Families create elaborate altars (ofrendas) adorned with marigolds, candles, sugar skulls, and photos. They offer the favourite foods, drinks, and personal items of their deceased loved ones—inviting their spirits to visit.

This tradition keeps loved ones alive in memory and spirit. It’s a way of saying: You are still part of our lives.

Therapeutic takeaway: Grief doesn’t have to be solemn or lonely. Rituals that celebrate memory can be as healing as tears.

Sitting Shiva (Jewish Tradition): Making Space for Stillness

“Grief needs time, space, and witness.”

In Judaism, when someone dies, their immediate family observes shiva, a structured seven-day mourning period. During this time, mourners stay home, receiving visits from friends and the community.

Visitors bring food, sit in silence, and share memories. There’s no pressure to “cheer up.” The goal is presence, not fixing.

Therapeutic takeaway: You don’t need to bounce back quickly. Grief needs support, slowness, and the safety to feel what’s true. Sitting shiva honours that process.

Famadihana (Madagascar): Dancing with the Ancestors

“Grief can be a dance.”

In some regions of Madagascar, the Famadihana, or “Turning of the Bones,” is held every five to seven years. Families reopen ancestral tombs, rewrap the bones of loved ones in fresh cloth, and dance with them to live music.

There’s laughter, celebration, and storytelling. This isn’t morbid, it’s an expression of ongoing love and connection.

While not every Malagasy person observes this tradition today, its message endures: Our dead remain part of our lives.

Therapeutic takeaway: Grief can include joy, movement, and even music. Celebrate how someone lived, not just how they died.

Keening and Wailing (Ireland & Celtic Cultures): Giving Grief a Voice

“Sound your sorrow.”

Traditional Irish funerals once featured keening—a poetic, vocal form of wailing led by women, often professional mourners. These haunting songs gave voice to sorrow, publicly and powerfully.

Rather than suppress emotion, grief was meant to be heard. Similar traditions exist in parts of the Middle East and Asia.

Though keening is less common today, the underlying truth remains: Grief deserves expression.

Therapeutic takeaway: It’s okay to cry, sing, or shout. Let your body release what words cannot. Sound is a form of healing.

Sky Burials (Tibet): Surrendering to the Cycle of Life

“We return to the earth—and the sky.”

In Tibetan Buddhism, the concept of impermanence is central. One grief ritual that reflects this belief is the sky burial. After death, the body is offered to birds of prey, returning it to nature.

This is not considered morbid, it’s seen as compassionate, generous, and spiritually significant.

Families follow with prayer and meditation to support their loved one’s transition and cultivate acceptance of death.

Therapeutic takeaway: Letting go can be sacred.
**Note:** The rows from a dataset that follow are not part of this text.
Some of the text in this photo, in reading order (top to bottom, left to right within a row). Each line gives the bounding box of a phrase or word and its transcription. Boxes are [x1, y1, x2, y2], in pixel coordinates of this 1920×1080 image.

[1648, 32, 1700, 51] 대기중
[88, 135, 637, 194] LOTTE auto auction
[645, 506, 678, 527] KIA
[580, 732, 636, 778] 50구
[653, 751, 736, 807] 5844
Whether through spiritual practice or symbolic release, like writing a letter or planting a tree, rituals can ease the grip of grief.

Why Global Grief Rituals Matter in Modern Healing

In the therapy room, I often hear:

  • “Is this normal?”
  • “Why am I still so sad?”
  • “Shouldn’t I be over this by now?”

Here’s the truth: Grief has no timeline.

Across cultures, grief traditions reflect this reality. They invite time, creativity, and community into the healing process. You don’t have to be bound by cultural norms that silence or rush mourning.

You might choose to:

  • Build your own ofrenda (altar)
  • Host a memory-sharing dinner
  • Write a letter to someone you’ve lost
  • Plant a memory garden
  • Gather with others for a grief circle

What matters is this: You grieve in your way, at your pace.
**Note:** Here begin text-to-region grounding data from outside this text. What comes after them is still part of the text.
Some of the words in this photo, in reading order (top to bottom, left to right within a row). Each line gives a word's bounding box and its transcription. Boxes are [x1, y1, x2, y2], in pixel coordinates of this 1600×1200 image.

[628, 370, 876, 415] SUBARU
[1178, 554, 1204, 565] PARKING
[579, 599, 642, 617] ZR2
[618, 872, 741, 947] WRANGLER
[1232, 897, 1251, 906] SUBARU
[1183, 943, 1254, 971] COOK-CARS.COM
Your Grief Is Welcome Here

Loss is life-altering. It shakes us. It changes us. But it also connects us—to love, to others, and to the shared human experience of mourning.
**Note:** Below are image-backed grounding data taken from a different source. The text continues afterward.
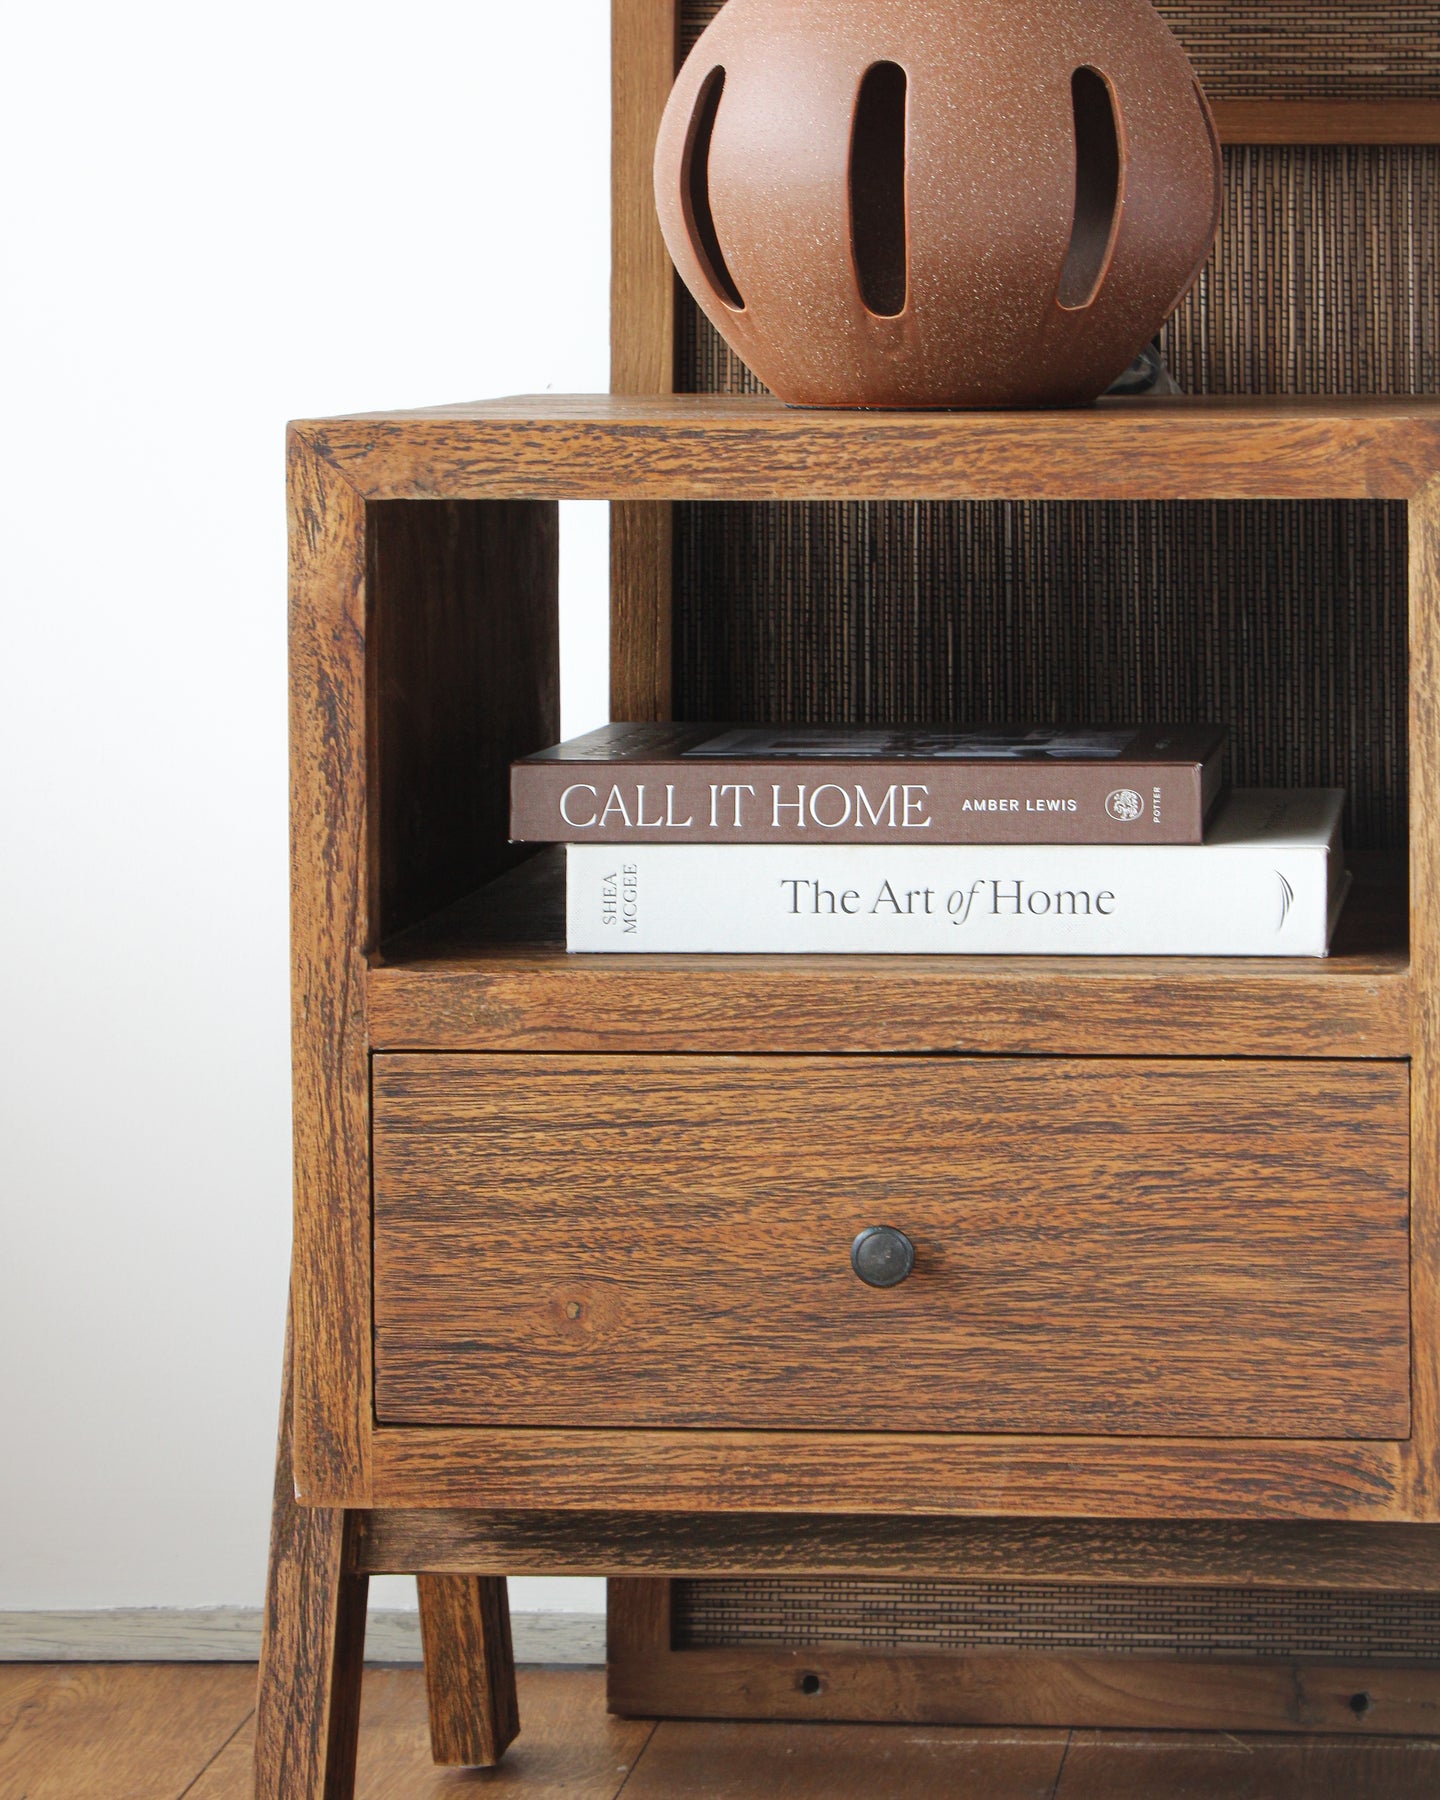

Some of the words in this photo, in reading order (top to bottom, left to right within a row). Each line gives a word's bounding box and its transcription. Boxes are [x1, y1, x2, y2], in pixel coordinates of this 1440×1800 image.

[559, 784, 693, 828] CALL
[709, 784, 756, 828] IT
[771, 784, 932, 828] HOME
[961, 799, 1020, 812] AMBER
[1026, 799, 1077, 812] LEWIS
[1152, 786, 1161, 824] POTTER
[602, 872, 617, 925] SHEA
[622, 863, 638, 934] MCGEE
[780, 879, 861, 915] The
[869, 879, 935, 915] Art
[946, 879, 986, 926] of
[989, 879, 1116, 915] Home
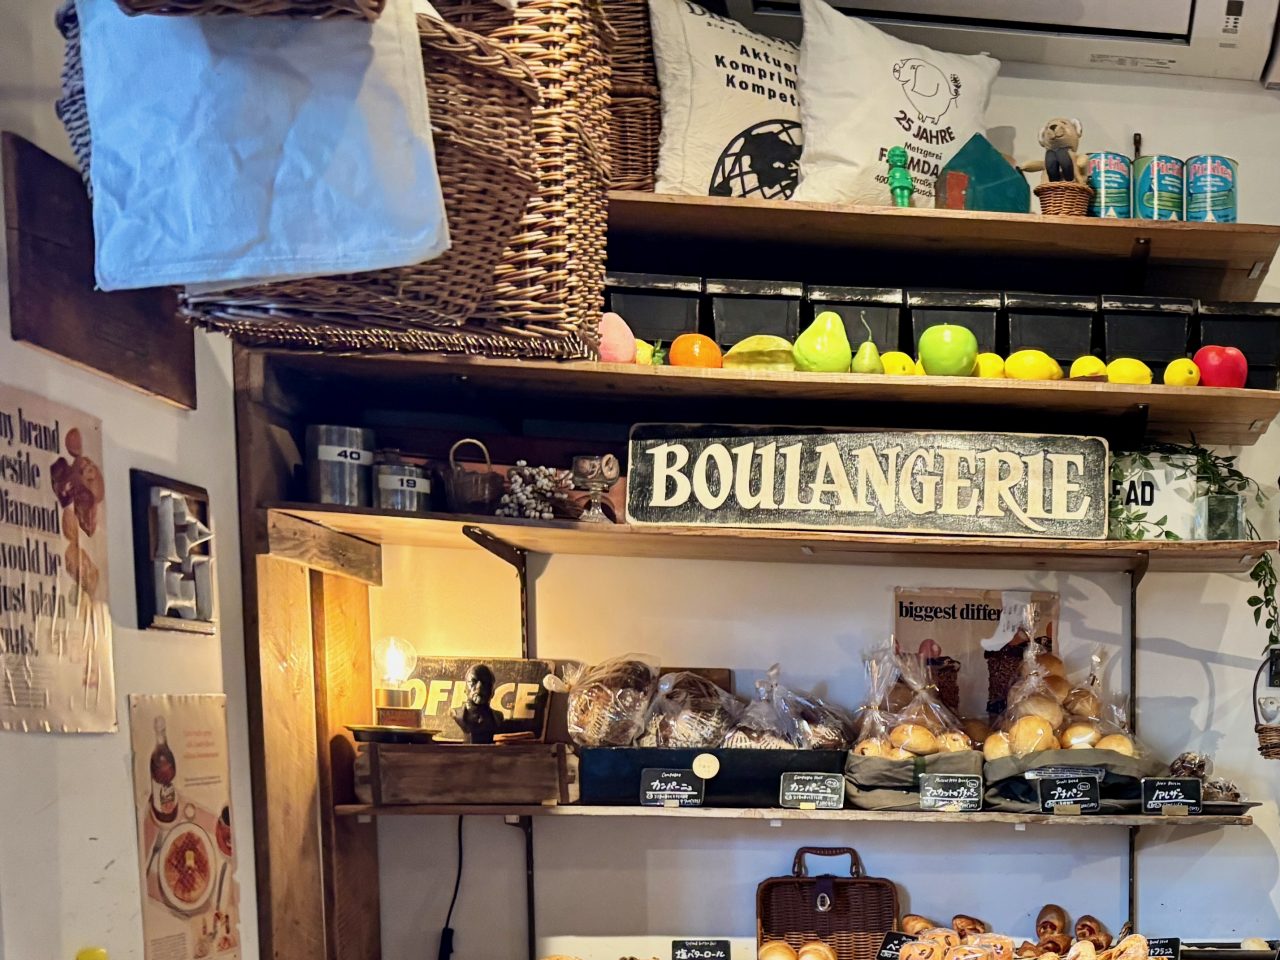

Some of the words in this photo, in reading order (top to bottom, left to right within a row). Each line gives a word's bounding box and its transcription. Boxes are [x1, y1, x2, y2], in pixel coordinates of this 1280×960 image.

These global grief rituals remind us that grief doesn’t have to be hidden or hurried. It can be honoured, expressed, and shared.

If you're grieving today, I invite you to create a ritual, small or significant, that feels right to you. Light a candle. Speak their name. Play a song. Make space for your sorrow.

And always remember:

You are not alone.You are not broken.You are grieving, and that is a sacred act.